Raymundo Silveira
Mané Butão
“Qué Cumpá Pão”?
Todo santo dia pela manhã esta frase era escutada à porta das casas
onde arrematava o seu ofício de padeiro. Era, simultaneamente, o
dono da única padaria do vilarejo, o assador, o entregador e o
vendedor de pães. A voz era, ao mesmo tempo, grave, gutural,
anserina, baixa e se assemelhava mais ao som resultante da percussão
de um bombo cujas peles, mal esticadas e envelhecidas, não mais
obedecessem ao comando dos parafusos de afinação. Ninguém sabia como
ele se chamava; chamavam-no Mané Butão. Vivia com uma irmã, mas esta
nunca se preocupou em esclarecer a sua real identidade.
“Qué Cumpá Pão?”
Esse refrão cotidiano e matinal alegrava os famintos, irritava os
dorminhocos, tranqüilizava os expectantes, consolava os preguiçosos
e assustava as crianças. Dava conta daquela faina rotineira do dia a
dia quer chovesse, fizesse sol, diluviasse, “nevasse” ou caíssem
bombas incendiárias como estava acontecendo em Londres exatamente
naquele mesmo sete de setembro de 1940. Ele ignorava este episódio e
muito mais. Não sabia também, por exemplo, que aquele dia
representava uma data festiva porque se comemorava a independência
da sua pátria (aliás, ele desconhecia o significado de ambas as
palavras: pátria e independência), não sabia como nem por que se
encontrava no mundo, enfim, não sabia sequer o que era mundo. E não
estava nada preocupado com isso. Ele só queria fabricar, entregar e
vender os seus pães; nada mais importava. “Qué Cumpá Pão”?”
Parece que
aquilo a que chamam dom da consciência o qual dizem só possuírem os
humanos, antes de ser um privilégio, trata-se de um castigo da
natureza. O Mané Butão tinha este dom, porém jamais o havia
utilizado. Contudo, vivia mais feliz do que os homens ditos
instruídos. A ignorância, sim, parecia ser a sua verdadeira dádiva.
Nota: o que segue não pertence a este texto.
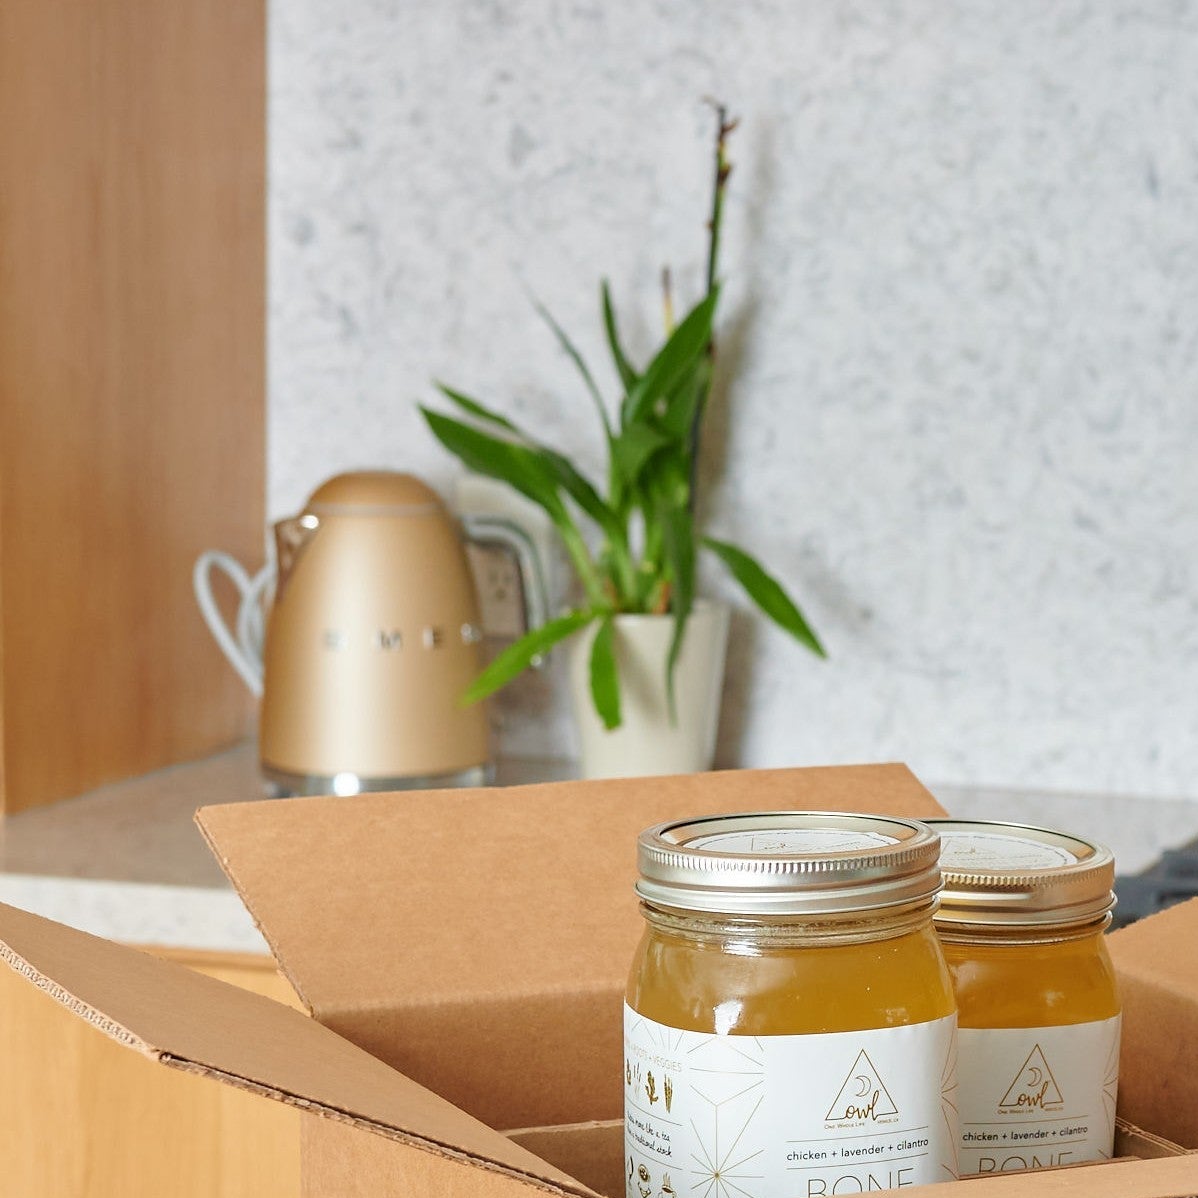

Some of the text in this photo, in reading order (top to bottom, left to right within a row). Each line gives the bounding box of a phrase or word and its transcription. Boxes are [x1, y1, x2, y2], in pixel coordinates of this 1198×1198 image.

Naquele 1940 ele já tinha vinte e dois anos; isto, porém não foi
suficiente para deixarem-no em paz os paladinos da educação que
encetavam uma campanha contra o analfabetismo de adultos na sua
aldeia e ele foi um dos primeiros recrutados para servir como alvo
da dita campanha.
Ensinaram-lhe a
ler e a escrever; ministraram-lhe rudimentos de geografia, história,
aritmética, língua portuguesa e incentivaram nele o hábito da
leitura. Essas sementes foram como o grão de mostarda da parábola
que caiu num terreno mais do que propício. Desde que aprendeu a ler,
estudava compulsivamente do instante em que terminava de cumprir os
deveres do seu ofício até a alta madrugada. Lia tudo o que lhe
caísse nas mãos, porém o que mais o fascinou foi a filosofia e a sua
história. Dormia apenas três a quatro horas por noite. Depois de
pouco mais de cinco anos Mané Butão jamais foi o mesmo e o seu mundo
também era outro. Conhecia todos os filósofos. Dos pré-socráticos
aos iluministas; de Aristóteles a Immanuel Kant; da escolástica
tomista ao existencialismo sartriano; de Santo Agostinho a
Schopenhauer.
Desde então
nunca mais soube o que era paz. Queria uma resposta para todas as
suas indagações; as angústias existenciais se tornaram suas eternas
companheiras. Seu questionamento primordial sobre a vida era: “Para
quem eu existo?” Sentia necessidade de uma explicação para isto do
mesmo modo que um viciado sente falta de um gole de aguardente.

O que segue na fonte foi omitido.